Undoubtedly, the sale of McClatchy Newspapers to a hedge fund is not what the thousands of employees and the McClatchy family envisioned for this iconic employer.
In the early 70’s it was common place to see Eleanor McClatchy, the matriarch of the family and the company, walking the halls in her unassuming way as she greeted employees by name.
In the early days McClatchy owned three newspapers all named “Bee.” The newspapers and several radio and television stations were located in Sacramento, Modesto and Fresno. These were the days when media companies were permitted to own multi-media operations in the same market.
The McClatchy company was well known for treating its people well and was a place with long tenured employees highlighted by the large membership in the 25-year club. The company was generous in the communities, with venues such as McClatchy High School, McClatchy Park bearing the name of the family and the company. Eleanor McClatchy was a generous sponsor of the Music Circus, a theatrical and musical venue and so much more. The company took a turn towards corporate in the mid 70’s with the hiring of North Carolinian Erwin Potts as the director of newspaper operations. He later became the first non-McClatchy family member to serve as CEO of the company, from 1989 to 1996. Potts is credited with leading the growth years of McClatchy into a national media company.
In 2006, McClatchy CEO Gary Pruitt and the Board of Directors made a dramatic decision under pressure from investors to purchase the Knight Ridder newspaper chain, an award-winning company with 84 Pulitzers.
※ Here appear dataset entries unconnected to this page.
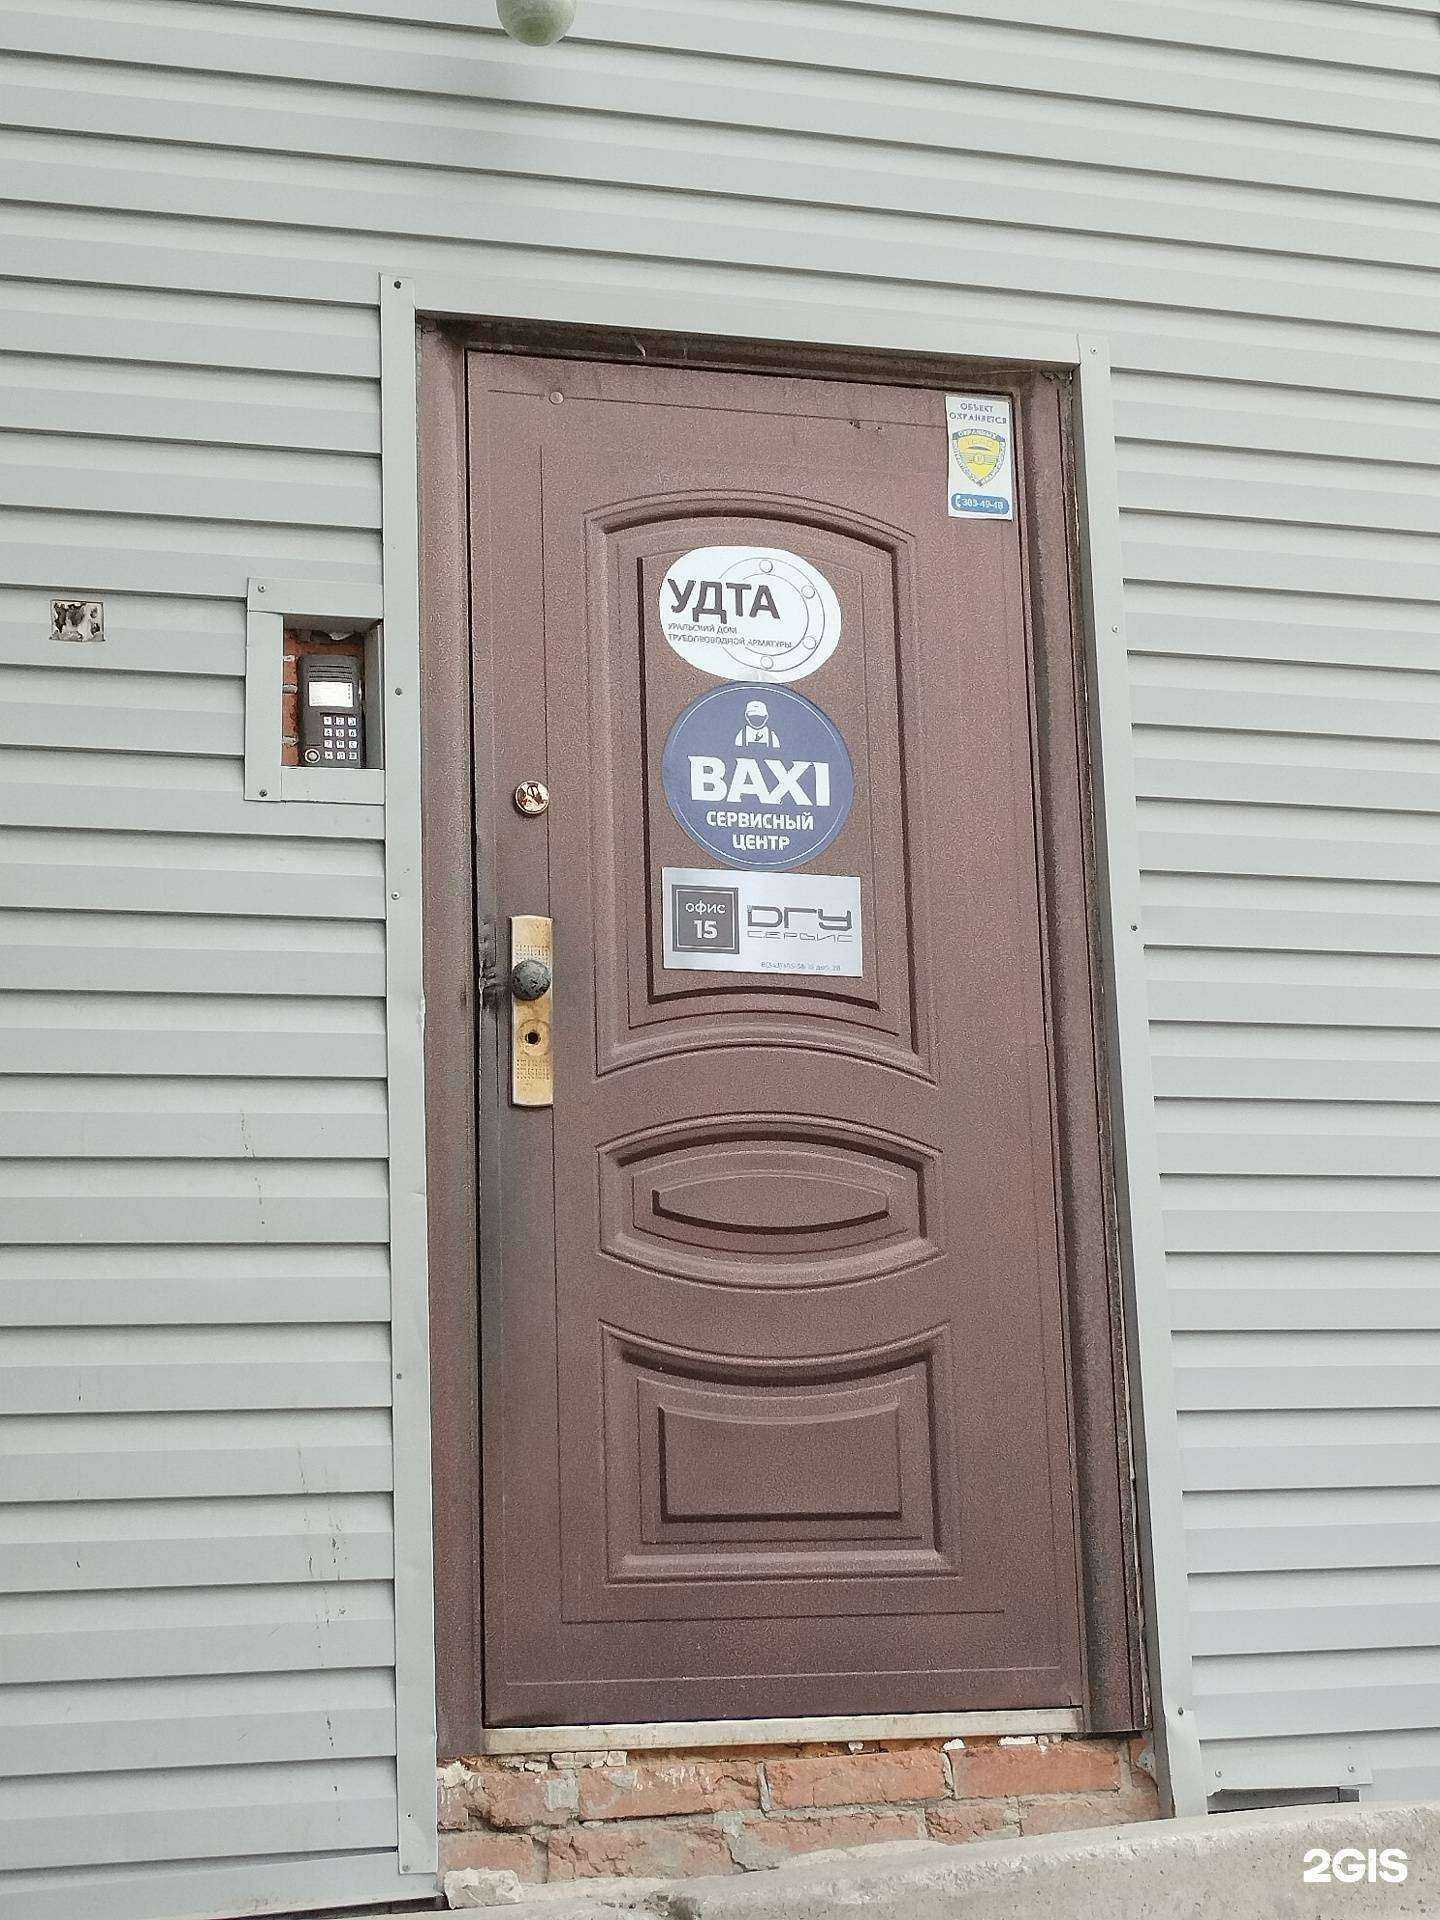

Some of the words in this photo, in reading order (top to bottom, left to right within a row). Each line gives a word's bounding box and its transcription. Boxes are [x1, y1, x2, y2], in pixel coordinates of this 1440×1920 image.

[960, 402, 994, 414] ОБЪЕКТ
[949, 412, 1007, 425] ОХРАНЯЕТСЯ
[667, 578, 780, 624] УДТА
[667, 622, 715, 633] УРАЛЬСКИЙ
[716, 625, 738, 635] ДОМ
[668, 633, 746, 646] ТРУБОПРОВОДНОЙ
[746, 639, 792, 649] АРМАТУРЫ
[687, 755, 831, 807] BAXI
[706, 811, 814, 831] СЕРВИСНЫЙ
[732, 833, 791, 851] ЦЕНТР
[693, 920, 718, 940] 15
The purchase by the smaller McClatchy newspaper company for $4.5 billion in cash and stock was viewed as a great move by many journalists. But it was questioned by newspaper business leaders.
Many in the industry would argue this was the beginning of the end for McClatchy. The company took on massive debt and made a bet that the future was bright for the newspaper industry. In fact, newspapers have been battered by the generational change towards technology and readers’ desire for immediacy coupled with fleeing advertisers who moved from print to digital and direct contact with their customers.
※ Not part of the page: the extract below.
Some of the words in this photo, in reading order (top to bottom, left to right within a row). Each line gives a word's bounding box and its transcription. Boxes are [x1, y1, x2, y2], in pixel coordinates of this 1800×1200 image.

The purchase of McClatchy by Chatham Asset Management signals a new and uncertain future for the proud company.
Like newsrooms across the state, those at the Charlotte Observer and the News & Observer have already been cut to the bone. Chances are, the cuts will continue under Chatham’s ownership, further diminishing North Carolinians’ access to news about state and local governments they need to be informed participants in the democratic process.
In 2016, Chatham acquired two-thirds ownership of Postmedia, the largest newspaper chain in Canada, and the publisher of the Vancouver Sun. Current and former employees told the New York Times that “the company has cut its work force, shuttered papers across Canada, reduced salaries and benefits, and centralized editorial operations in a way that has made parts of its 106 newspapers into clones of one another.”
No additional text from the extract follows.